Neurolisis del pudendo
Robert et al. introdujeron la neurolisis del nervio pudendo en 1993. El primer caso descrito por vía robótica (15), por Rey, es en 2015. Carracedo et al publican el primer caso realizado en España con abordaje robotica en 2018 (16).
En 2019 estos mismos autores comunican los resultados de los primeros 6 casos (tab.1) encontrando una reducción del dolor en el 66% de los pacientes, aunque con corto seguimiento
Giulioni publica una serie de 32 pacientes sometido a liberación robótica del nervio pudendo por via transabdominal con seguimiento a 6 meses encontrando una reducción significativa del dolor. Previamente otras series, aunque con abordaje laparoscópico puro comentaban datos parecidos con la mejora del 88% de síntomas dolorosos.
Exéresis malla
La única serie actualmente publicada con abordaje robótico (6) es un estudio prospectivo de 30 pacientes de extracción laparoscópica transabdominal y transvaginal asistida por robot de la malla transvaginal. Fong et al, describen una mediana de tiempo operatorio y de consola fue de 240 y 148 minutos. Realizaron procedimientos reconstructivos concomitantes en el 40% de los pacientes y logró la extracción completa o casi completa de la malla en el 83,3% de los pacientes.
CONCLUSIONES
Es indudable que por las ventajas que brinda la cirugía robótica, sobre la vía abdominal y laparoscópica, es solo cuestión de tiempo que se convierta en la vía de abordaje dominante en los procedimientos reconstructivos del tracto urinario inferior y del tratamiento del dolor pélvico.

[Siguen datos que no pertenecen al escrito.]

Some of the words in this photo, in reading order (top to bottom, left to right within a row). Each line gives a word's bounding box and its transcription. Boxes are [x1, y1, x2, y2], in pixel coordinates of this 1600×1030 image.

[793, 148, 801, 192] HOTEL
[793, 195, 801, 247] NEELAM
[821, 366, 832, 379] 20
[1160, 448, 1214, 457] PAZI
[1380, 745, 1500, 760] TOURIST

La cirugía robótica ha permitido el desarrollo y expansión de nuevas técnicas en el tratamiento del dolor pélvico crónico como la neurolisis del nervio pudendo o el tratamiento de las complicaciones relacionadas con las mallas de prolapso o incontinencia.
Los retos futuros son la estandarización de las técnicas y la generación de evidencia sólida sobre los resultados de estas técnicas mediante estudios prospectivos.